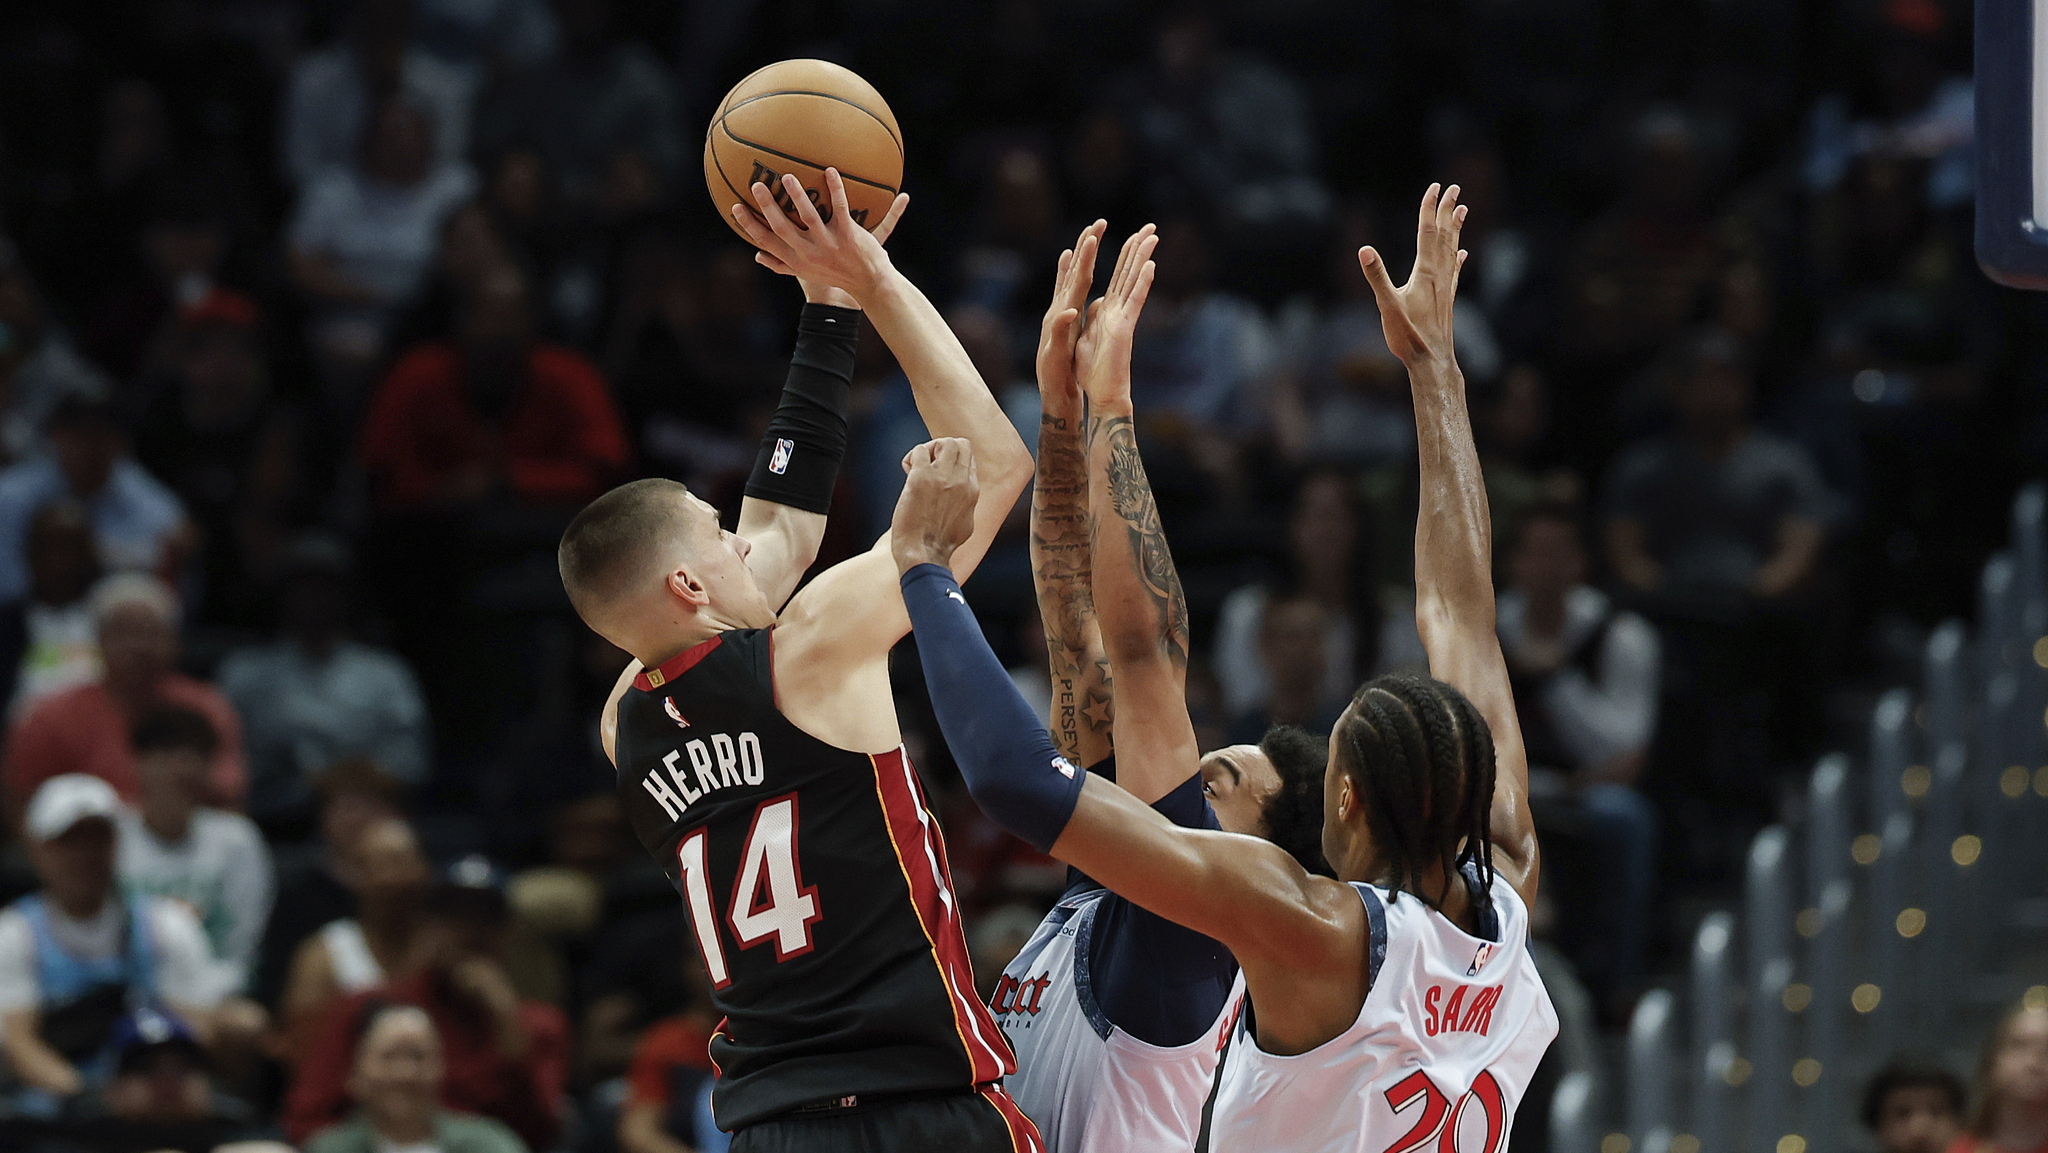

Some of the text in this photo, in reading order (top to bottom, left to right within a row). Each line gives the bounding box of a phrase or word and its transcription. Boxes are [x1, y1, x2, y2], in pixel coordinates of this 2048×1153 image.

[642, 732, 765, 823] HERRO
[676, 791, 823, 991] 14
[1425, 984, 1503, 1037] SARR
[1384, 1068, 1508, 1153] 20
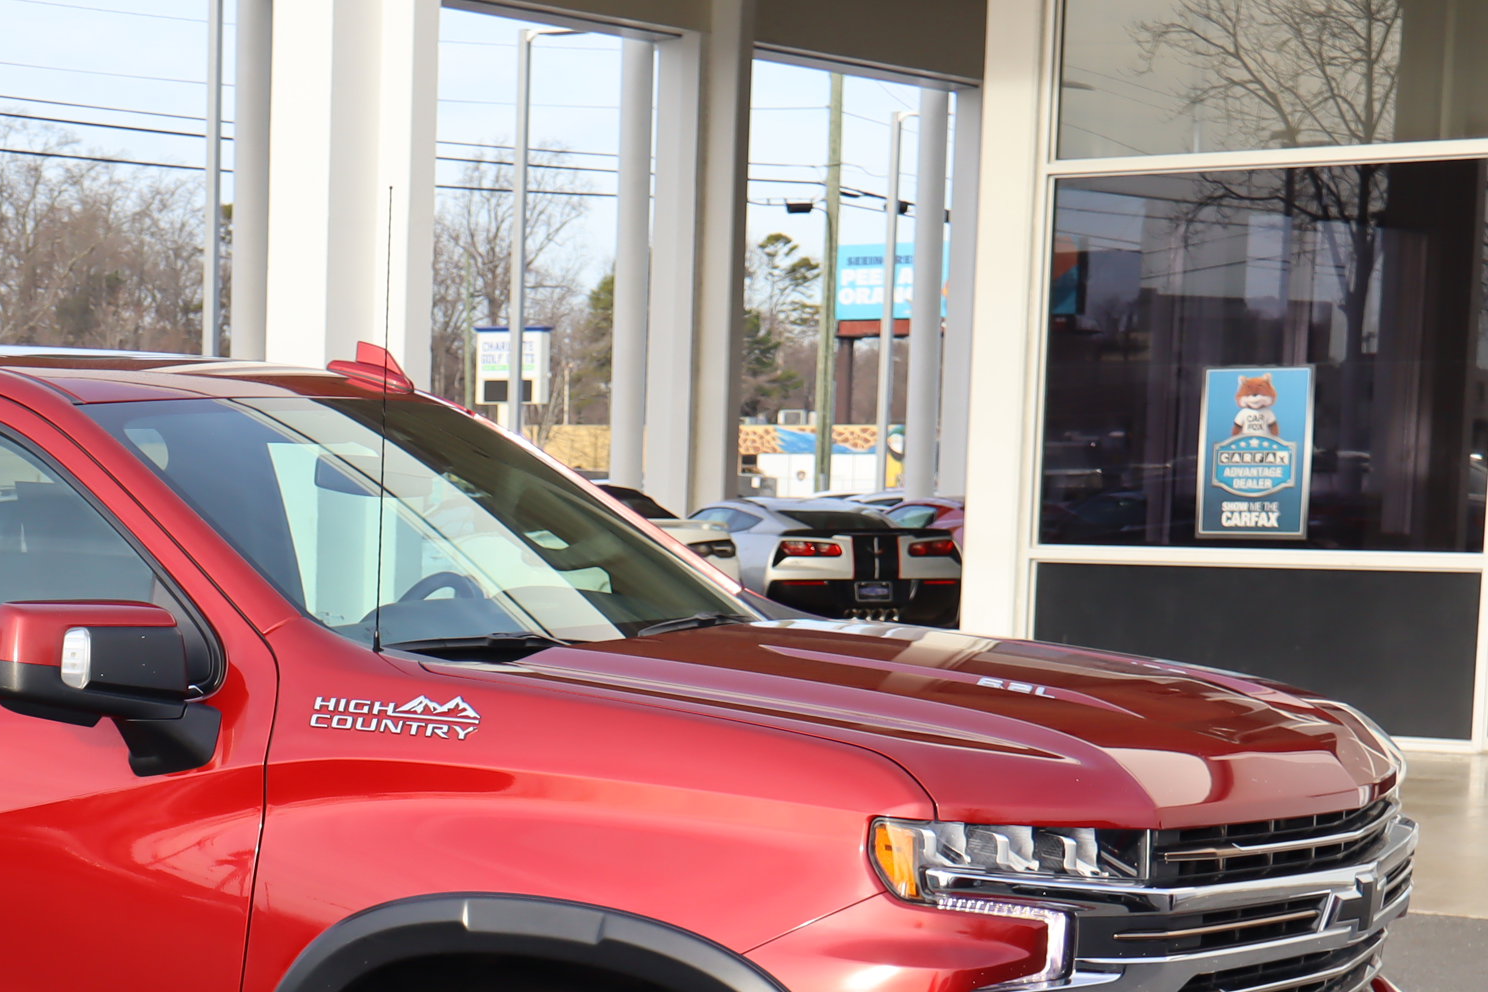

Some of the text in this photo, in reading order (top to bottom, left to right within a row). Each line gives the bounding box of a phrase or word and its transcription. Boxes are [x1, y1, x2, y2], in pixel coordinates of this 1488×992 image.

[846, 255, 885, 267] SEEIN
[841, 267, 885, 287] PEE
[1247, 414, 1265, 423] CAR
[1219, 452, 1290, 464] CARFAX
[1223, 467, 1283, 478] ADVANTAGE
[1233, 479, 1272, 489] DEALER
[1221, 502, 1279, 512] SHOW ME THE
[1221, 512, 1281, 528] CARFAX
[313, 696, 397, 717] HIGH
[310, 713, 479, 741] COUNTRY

What is being asked
Skipping the pictures, output the entries exactly as they appear above.

Exercise solution
Some of the text in this photo, in reading order (top to bottom, left to right within a row). Each line gives the bounding box of a phrase or word and its transcription. Boxes are [x1, y1, x2, y2], in pixel coordinates of this 2048×1153 image.

[642, 732, 765, 823] HERRO
[676, 791, 823, 991] 14
[1425, 984, 1503, 1037] SARR
[1384, 1068, 1508, 1153] 20

Some of the text in this photo, in reading order (top to bottom, left to right within a row). Each line gives the bounding box of a phrase or word and its transcription. Boxes are [x1, y1, x2, y2], in pixel coordinates of this 1488×992 image.

[846, 255, 885, 267] SEEIN
[841, 267, 885, 287] PEE
[1247, 414, 1265, 423] CAR
[1219, 452, 1290, 464] CARFAX
[1223, 467, 1283, 478] ADVANTAGE
[1233, 479, 1272, 489] DEALER
[1221, 502, 1279, 512] SHOW ME THE
[1221, 512, 1281, 528] CARFAX
[313, 696, 397, 717] HIGH
[310, 713, 479, 741] COUNTRY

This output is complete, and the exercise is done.